I have not tested this yet, but I suspect giving more specific refactoring requirements in the success condition would yield less iterations, as I have seen in the above, the critic saying it is not sure of the requirements thus leading to an extra refactoring step. However, in the few examples I have tried with the above the refactoring step produces much more composable code, so maybe the extra refactoring step is required.

Edit: Upon more testing it seems without separating the in-game tasks from code refactoring tasks the critic gets more often confused, than when refactoring is only present in the context. Ex. Acquire 1 log, then refactor your code for reusability, generality, and composability. vs Acquire 1 log then followed by Refactor your code for acquiring 1 log.

Edit 2: Upon testing separated acquire and refactor tasks, the critic model fails more often than not, the context for the refactoring task needs to specify a Minecraft success condition.

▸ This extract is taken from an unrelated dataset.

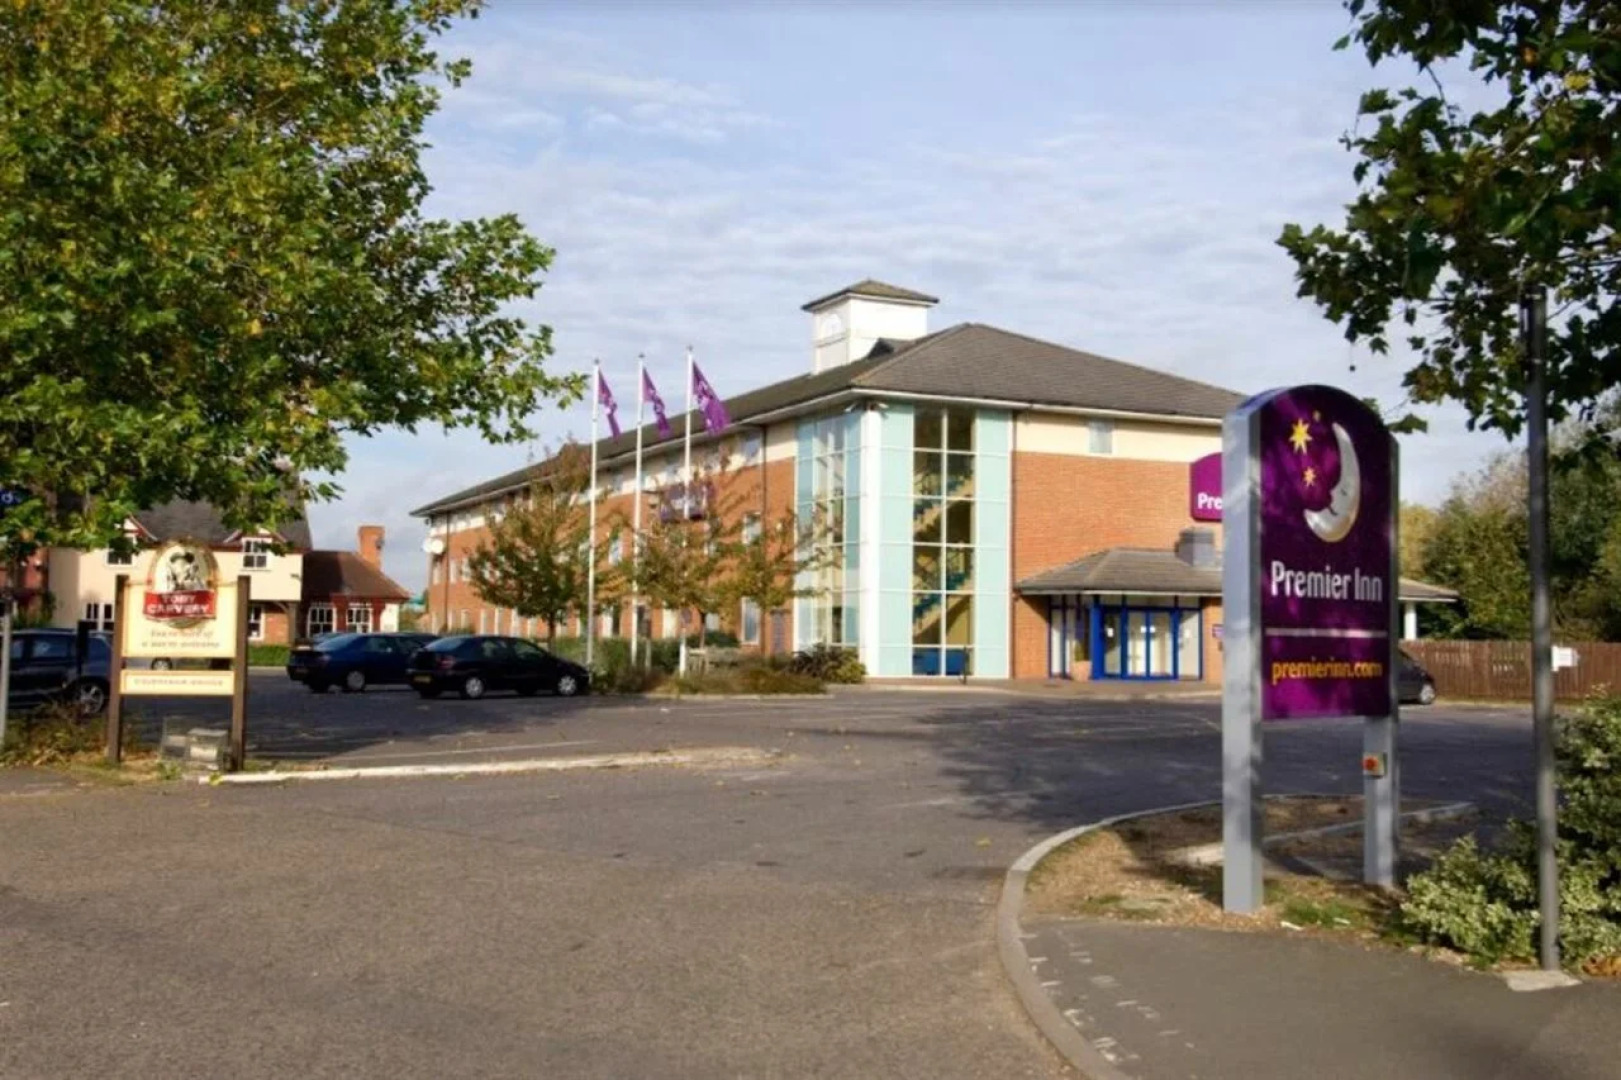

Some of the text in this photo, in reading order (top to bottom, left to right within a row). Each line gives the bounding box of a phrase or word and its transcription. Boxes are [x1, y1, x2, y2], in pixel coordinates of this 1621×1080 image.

[1271, 560, 1382, 601] Premier Inn
[1271, 657, 1383, 686] premierinn.com

Ex Success is at least 1 more log in your inventory for the context for the task Refactor your code for acquiring 1 log... The critic failing is caused by it being unaware of the nature of the bot and the context not making sense to it. Thus some changes to prompts/critic.txt could be made that would either present the code, needing a restructuring of the langchain files, or could just introduce an awareness of some sort by mentioning mineflayer in the prompts/critic.txt. Going to keep trying with the default critic.txt for a little bit.

go-maple commented 1 year ago

@daswer123 @TimeLordRaps Thanks for sharing your experience.It's very important for me. I have chatgpt plus account,but I don't have the ability about gpt4 api . and I have to find other way to test this code. only gpt 3.5.

xieleo5 commented 1 year ago

Hi, all! @liusida @daswer123 @go-maple @TimeLordRaps We just released our skill libraries, you can check README for how to run tasks with the skill libraries.

go-maple commented 1 year ago

@xieleo5 tks. bro. It's amazing.

TimeLordRaps commented 1 year ago

@xieleo5 would it be possible to write a step-by-step guide on the readme for the skill libraries instructing how to go about modifying an existing skill library manually, for example creating new skills with human defined code, removing specific skills, and updating specific skills? Thank you for providing the skills used from your experiments.

go-maple commented 1 year ago

@TimeLordRaps Yes,I totally agree with you.I don't have gpt-4 ability.so I want to create new skills with human defined code. It can also help to code refactoring.

liusida commented 1 year ago

Hi, all! @liusida @daswer123 @go-maple @TimeLordRaps We just released our skill libraries, you can check README for how to run tasks with the skill libraries.

Thanks! This is amazing! It's quite interesting to read the skills accumulated by the AI agent. Keep being awesome!